Post by account_disabled on Feb 25, 2024 1:25:30 GMT -6
The August CPI report wasn't horrible. Admittedly, it was a bit positive, with core inflation at 0.3 percent. But the most important trends (the disinflation of rents and assets) remained in force. But there was a glimpse of inflation risks that still persist. Let's start with non-housing basic services, the Fed's inflation problem. After four months of encouraging slowdown, it edged up in August, rising 0.4 percent (dark blue line below): The main culprit was transportation services, particularly the temperamental airfare category. Transportation services, which account for 7 percent of the core CPI, rose 2 percentage points in August due to a 5 percent increase in airfares. Blame OPEC. The production cuts have helped push the price of oil above $90 a barrel, from below $70 in June. Airfares are very sensitive to the cost of jet fuel and transportation is more exposed to energy. The oil price surge, which has lost momentum, could fade. But a sustained high oil price poses an inflation risk through two channels.
One is inflation expectations. Headline inflation, which is what people experience, rose 0.6 percent in August. Oil prices are everywhere and play a huge role in people's idea of the price level. It should be noted that Job Function Email Database long-term inflation expectations are already near the upper end of their historical range. The second is the direct transfer to underlying inflation. Over a three-month horizon, a 10 percent supply-driven oil price shock raises core inflation by just 3 to 5 basis points, Morgan Stanley economists estimate in a note published yesterday. But a longer-lasting price increase “could feed through to core inflation as pricing contracts are restored and to the extent that firms have pricing power to pass higher prices on to consumers,” they write. Another risk is the extent of inflation. It's not just about transportation or energy.
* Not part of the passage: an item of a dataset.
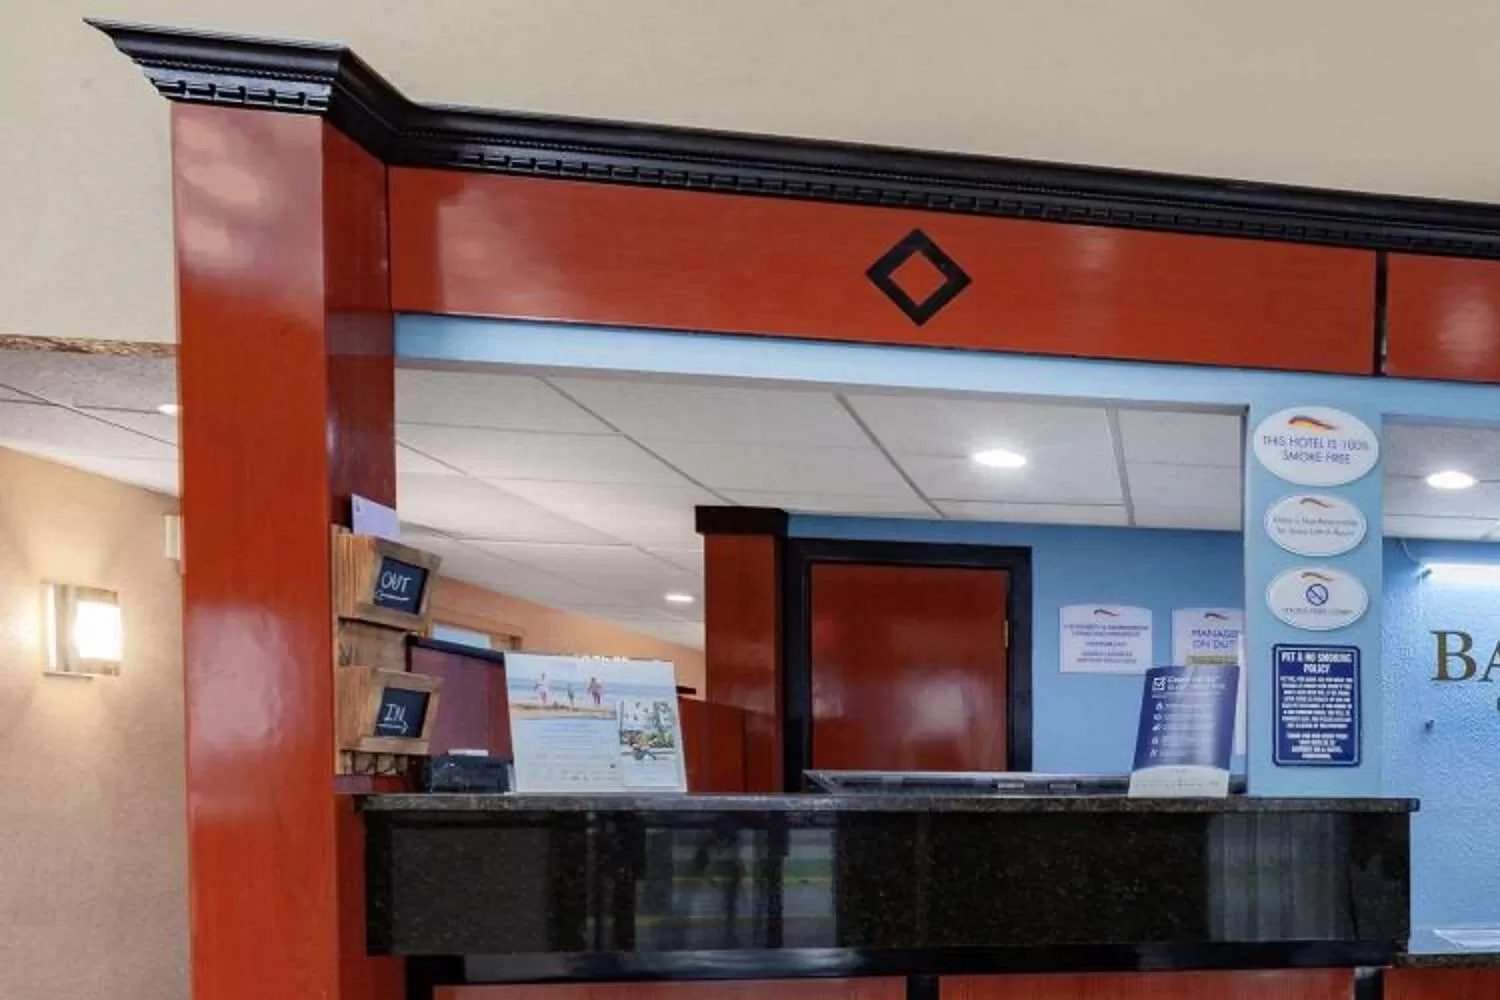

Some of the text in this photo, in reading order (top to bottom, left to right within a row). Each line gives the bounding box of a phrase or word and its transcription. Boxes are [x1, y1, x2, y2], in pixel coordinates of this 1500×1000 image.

Inflation Insights' Omair Sharif notes that several unexpected categories rose, including home furnishings and healthcare. Core inflation measures also rose after yesterday's data: Line chart of underlying consumer price inflation indices, annual percentage rate showing line rising badly (2) This brings us to a broader idea: for everything that can be learned by slicing and dicing data, a top-down approach should also be considered. This cycle has been inscrutable, but the reality is that spending is strong right now. Until proven otherwise, we have to assume that economic resilience matters for inflation, that high levels of corporate profits and wage growth do not correspond to an orderly return to 2 percent. We are still holding our breath on inflation. (Ethan Wu) Since the great financial crisis, people tend to worry when too much leverage builds up in any financial market, as it did in the housing finance market before.
One is inflation expectations. Headline inflation, which is what people experience, rose 0.6 percent in August. Oil prices are everywhere and play a huge role in people's idea of the price level. It should be noted that Job Function Email Database long-term inflation expectations are already near the upper end of their historical range. The second is the direct transfer to underlying inflation. Over a three-month horizon, a 10 percent supply-driven oil price shock raises core inflation by just 3 to 5 basis points, Morgan Stanley economists estimate in a note published yesterday. But a longer-lasting price increase “could feed through to core inflation as pricing contracts are restored and to the extent that firms have pricing power to pass higher prices on to consumers,” they write. Another risk is the extent of inflation. It's not just about transportation or energy.
Inflation Insights' Omair Sharif notes that several unexpected categories rose, including home furnishings and healthcare. Core inflation measures also rose after yesterday's data: Line chart of underlying consumer price inflation indices, annual percentage rate showing line rising badly (2) This brings us to a broader idea: for everything that can be learned by slicing and dicing data, a top-down approach should also be considered. This cycle has been inscrutable, but the reality is that spending is strong right now. Until proven otherwise, we have to assume that economic resilience matters for inflation, that high levels of corporate profits and wage growth do not correspond to an orderly return to 2 percent. We are still holding our breath on inflation. (Ethan Wu) Since the great financial crisis, people tend to worry when too much leverage builds up in any financial market, as it did in the housing finance market before.